> Task item: The pictures do not go in the copy. Reproduce the rest of the entries exactly.

━━━ Given records

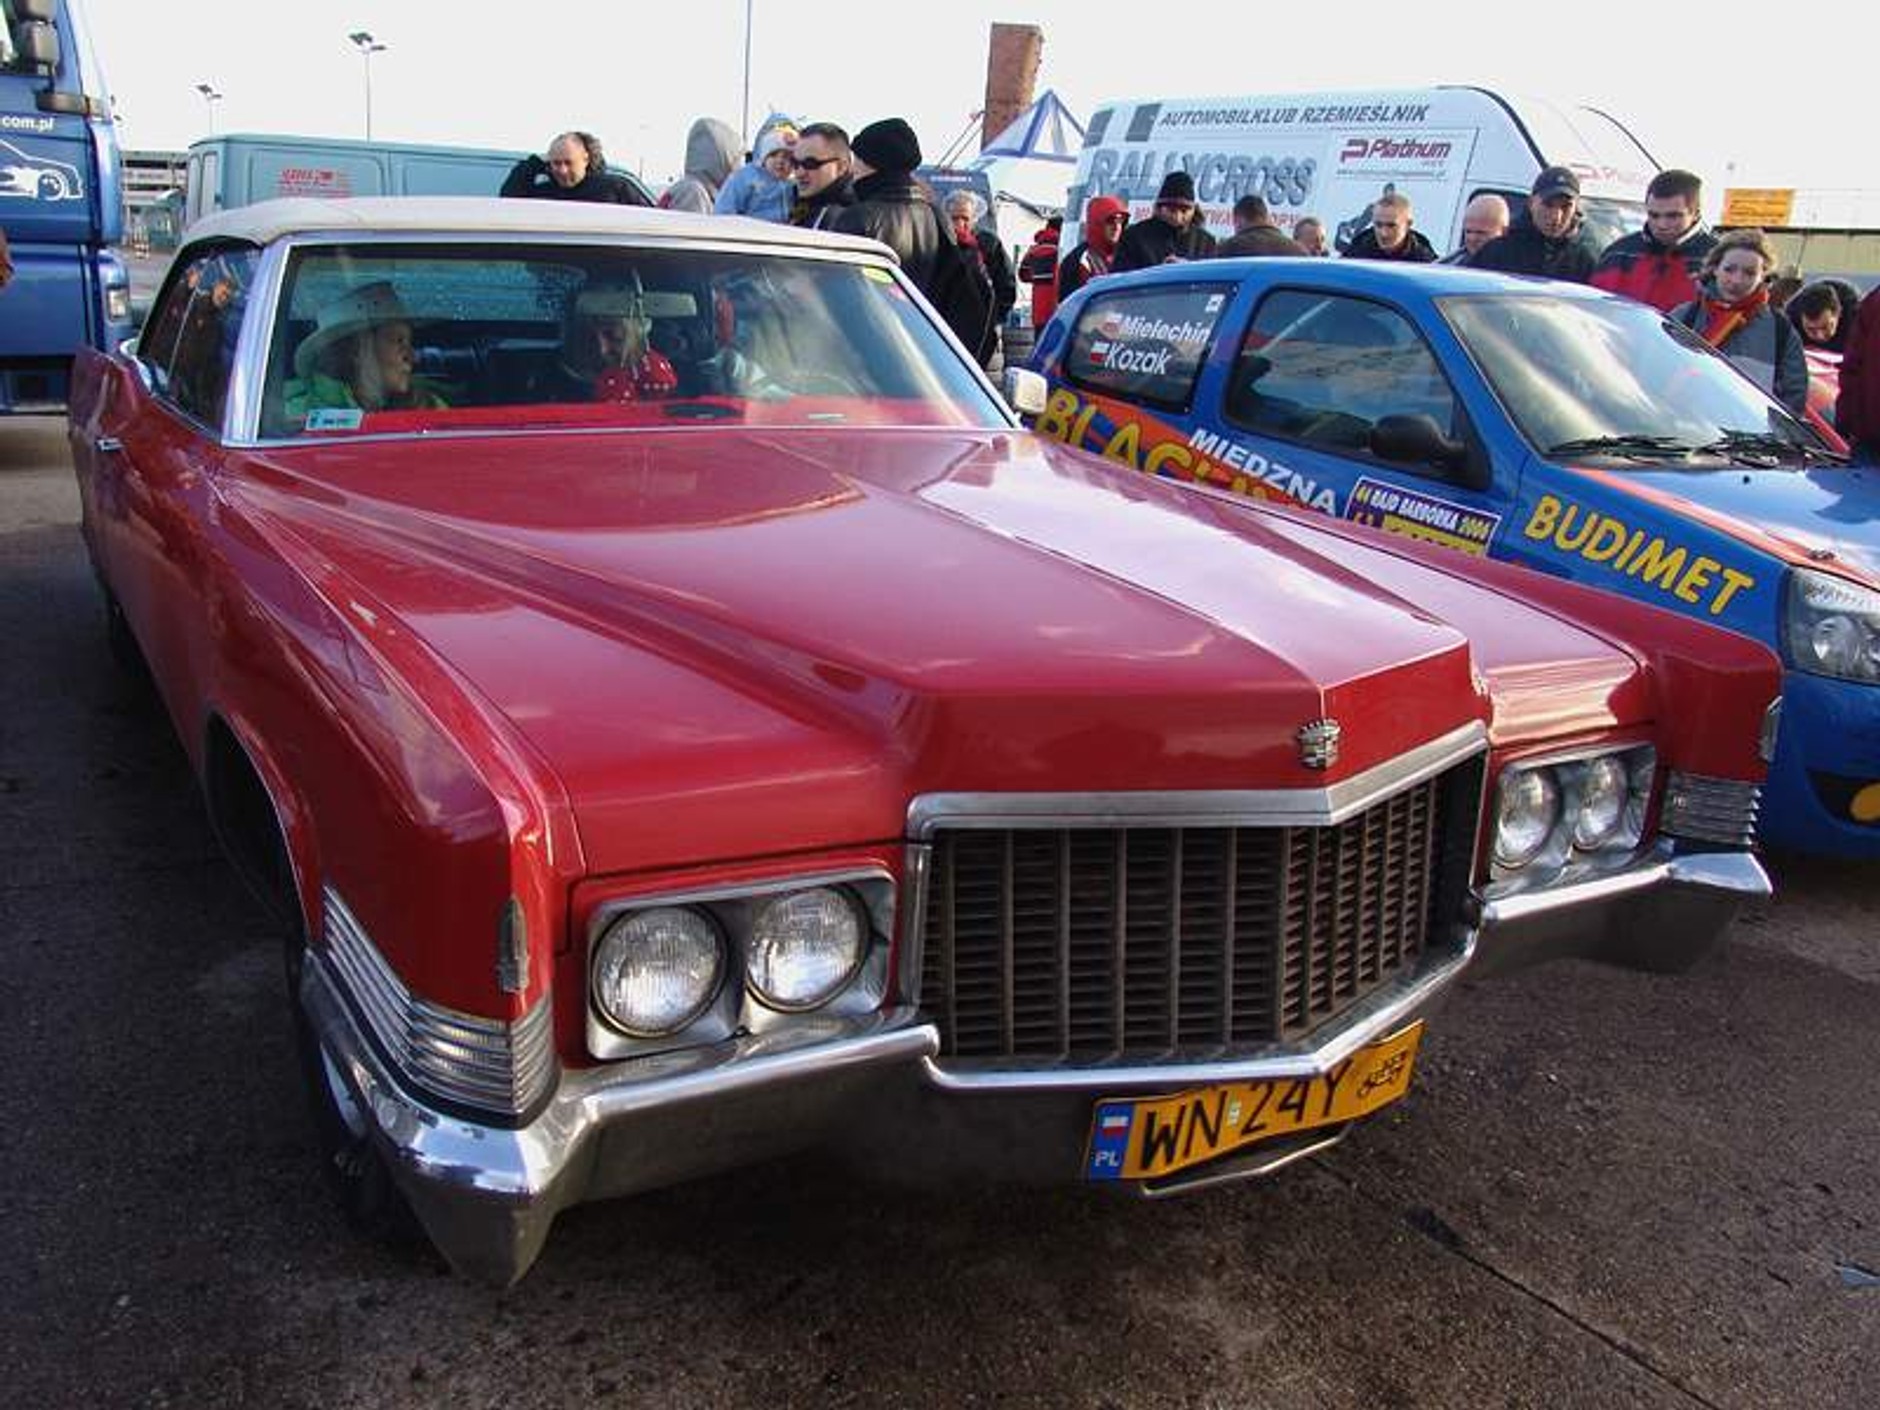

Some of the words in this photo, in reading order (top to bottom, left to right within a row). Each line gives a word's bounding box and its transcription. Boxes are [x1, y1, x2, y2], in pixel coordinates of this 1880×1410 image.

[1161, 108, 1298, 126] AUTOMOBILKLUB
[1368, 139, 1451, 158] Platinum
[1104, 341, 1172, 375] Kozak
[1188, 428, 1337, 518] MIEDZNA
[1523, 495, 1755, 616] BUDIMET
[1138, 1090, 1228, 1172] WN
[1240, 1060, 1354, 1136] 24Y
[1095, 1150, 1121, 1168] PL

━━━━━━

> Your response:
Some of the words in this photo, in reading order (top to bottom, left to right within a row). Each line gives a word's bounding box and its transcription. Boxes are [x1, y1, x2, y2], in pixel coordinates of this 1880×1410 image.

[1161, 108, 1298, 126] AUTOMOBILKLUB
[1368, 139, 1451, 158] Platinum
[1104, 341, 1172, 375] Kozak
[1188, 428, 1337, 518] MIEDZNA
[1523, 495, 1755, 616] BUDIMET
[1138, 1090, 1228, 1172] WN
[1240, 1060, 1354, 1136] 24Y
[1095, 1150, 1121, 1168] PL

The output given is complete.